News
Out of Africa, an Aids Vaccine is on the way - and it will empower women most
Posted Monday, May 17 2010 at 00:00
Africa has long borne the brunt of the Aids pandemic. The disease has spread across sub-Saharan Africa at an alarming rate, leaving in its wake millions of orphans, felling men and women in their most productive years and rendering countless families destitute.
Yet, as we mark this year’s World Aids Vaccine Day on May 18, we have more reason than ever to be hopeful that we will have the tools in hand to reverse the spread of HIV.
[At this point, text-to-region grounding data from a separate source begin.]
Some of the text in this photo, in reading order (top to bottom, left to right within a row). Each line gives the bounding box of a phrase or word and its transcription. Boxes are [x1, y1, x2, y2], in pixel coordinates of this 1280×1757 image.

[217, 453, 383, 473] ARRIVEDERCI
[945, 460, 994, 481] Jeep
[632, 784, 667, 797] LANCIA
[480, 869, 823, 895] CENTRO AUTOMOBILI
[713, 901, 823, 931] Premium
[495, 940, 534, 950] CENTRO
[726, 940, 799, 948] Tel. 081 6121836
Over recent months, scientists have reported several advances in Aids vaccine research and development. Last November, researchers established for the first time that an Aids vaccine can reduce the risk of HIV infection in humans: the results of the largest Aids vaccine trial ever conducted revealed that a combination of two experimental vaccines given to volunteers in Thailand provided modest protection against HIV.
In September, the International Aids Vaccine Initiative and its partners around the world announced the isolation of two new broadly neutralising antibodies against HIV, which were both identified from a single volunteer in Africa with the support of African researchers.
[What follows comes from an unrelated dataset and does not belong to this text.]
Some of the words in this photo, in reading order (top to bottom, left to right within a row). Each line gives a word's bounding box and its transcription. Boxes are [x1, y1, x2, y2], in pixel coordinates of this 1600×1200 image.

These antibodies reveal a vulnerability of HIV that vaccine designers may find easier to exploit than any hitherto identified. Adding to this good news, researchers at the National Institutes of Health subsequently reported the discovery of a third such antibody.
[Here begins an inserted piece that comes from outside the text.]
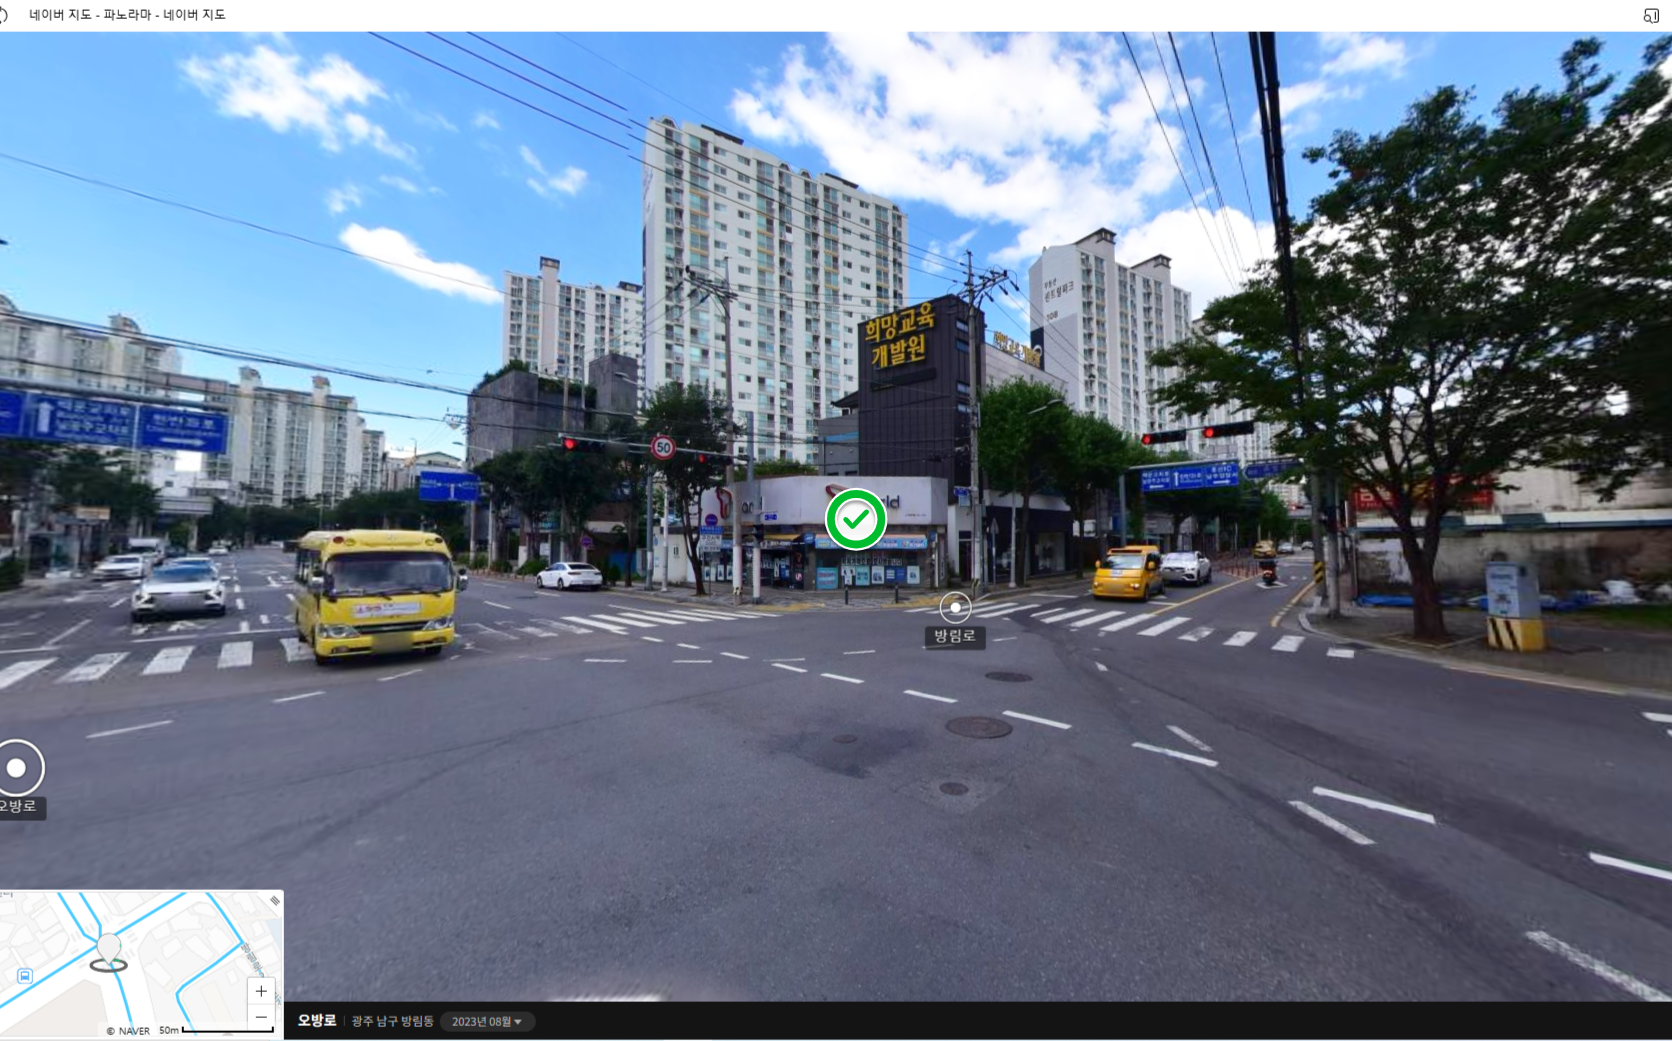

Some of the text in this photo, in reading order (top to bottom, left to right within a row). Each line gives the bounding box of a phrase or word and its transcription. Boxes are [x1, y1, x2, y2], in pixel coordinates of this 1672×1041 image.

But much work lies ahead. Researchers will, for example, now have to carefully study the newly discovered antibodies and figure out how to elicit similar antibodies in people to protect them from HIV infection.
Similarly, researchers will now explore the data from the Thai study to better understand how a more effective Aids vaccine must work.
The world urgently needs such a vaccine. Unlike existing tools for HIV prevention, immunisation would not depend on behaviour change to effect a reversal in the tide of the pandemic.
For this reason, Aids vaccines would be of particular value to women, who are for a number of reasons at far greater risk of HIV infection.
With access to such vaccines, women would be empowered to protect themselves from HIV regardless of the choices made by their male sexual partners.
The research critical to Aids vaccine development will have to be done on a global scale. Indeed, both of the major advances in the field last year arose from international collaborations, in which researchers from the global North and South worked hand in hand.
Clinical facilities dedicated to Aids vaccine development in Kenya and Uganda played a central role in the discovery of the new antibodies.
Such successes underscore the continuing need for robust clinical trial networks that are equipped and staffed to help design and assess vaccine candidates in developing countries.
This is especially true because we know that the best science emerges when research is conducted as close as possible to the problem it seeks to address.
Recent successes in HIV vaccine research and development are also testament to the contributions of tens of thousands of human volunteers — the unsung heroes of the Aids vaccine effort. Their participation is indispensable to the search for an Aids vaccine.